Have you noticed that all bacteria colonies are circular, the center
being the point of inoculation? In 3d medium, they're perfect little
spheres.
 
>      If the stuff has grown legs, you're an animal at sea.
> 
>    I'm not sure I understand this.  You seem to be still presuming (a)
>    spherical growth patterns and (b) that random distributed growth has

Absolutely, you're always moving away from high density to low
density. The highest density is always at the nucleation point.
This might be slightly distorted due to local density variations
of the medium and random asymmetries, but is averaged out on the 
long run into a pretty perfect sphere.

>    value vs. directed growth ( i.e. colonize the galaxy vs. go to where
>    your history, skills, experience, etc. will be most useful.) [5]

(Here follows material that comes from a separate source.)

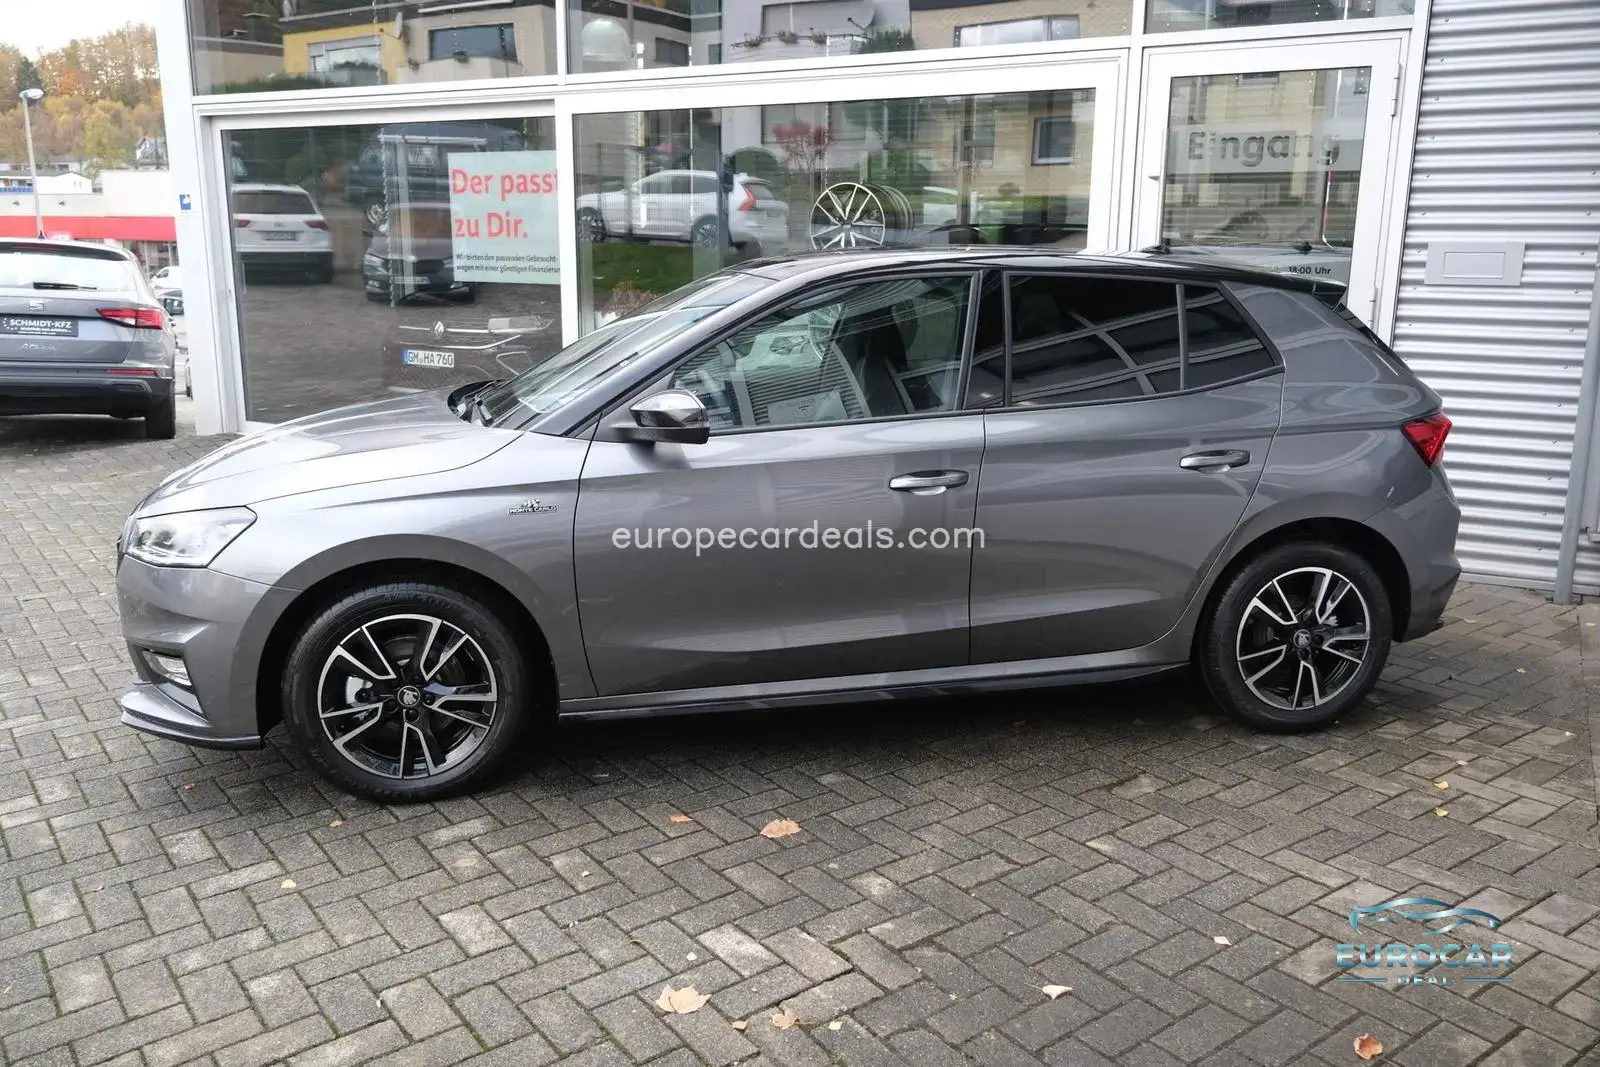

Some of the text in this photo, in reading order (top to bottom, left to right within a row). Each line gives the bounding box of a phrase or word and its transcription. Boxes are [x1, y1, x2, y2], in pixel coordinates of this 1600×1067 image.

The pioneers are almost certainly not sentient. They're just extreme
specialists, begotten by some ancient culture somewhere.

>    Robert
>    1. Colonization of niches which will dominate requires a high degree
>    of precognisance, which in turn requires a high degree of simulation

No, darwinian optimization is enough. If you try many things, some of
them will result into something with a high payoff.

>    capability.  [We will for a moment ignore the fact that you are
>    erasing all of those unsuccessful future thoughts...]  If you
>    colonize, at least if you are somewhat above being brain dead, *or*

All organisms colonize. All organisms have offspring. The one which don't
don't make even a trace in the fossil record. The history is full of
silent have-beens, who would or could not. 

>    roughly about our at our current state of evolution, you would do so
>    hoping for a reasonable chance of success.

Radiation goes in all directions, both up and down. If you have a
genome for a fusion reactor, you don't need to understand physics, no
more than people need to know all the intricacies of biochemical
pathways.

>    2. I state this on the basis of Lineweaver's assertions ~70% of solar
>    systems are ahead of us.  We are playing catchup.  I will freely

Where's the evidence? 

>    modify the position based on evidence in opposition.
>    3. You will not understand this unless you are aware of the "Are your
>    base are belong to us." history.

I'm reasonably hip with the Net trivia, thanks.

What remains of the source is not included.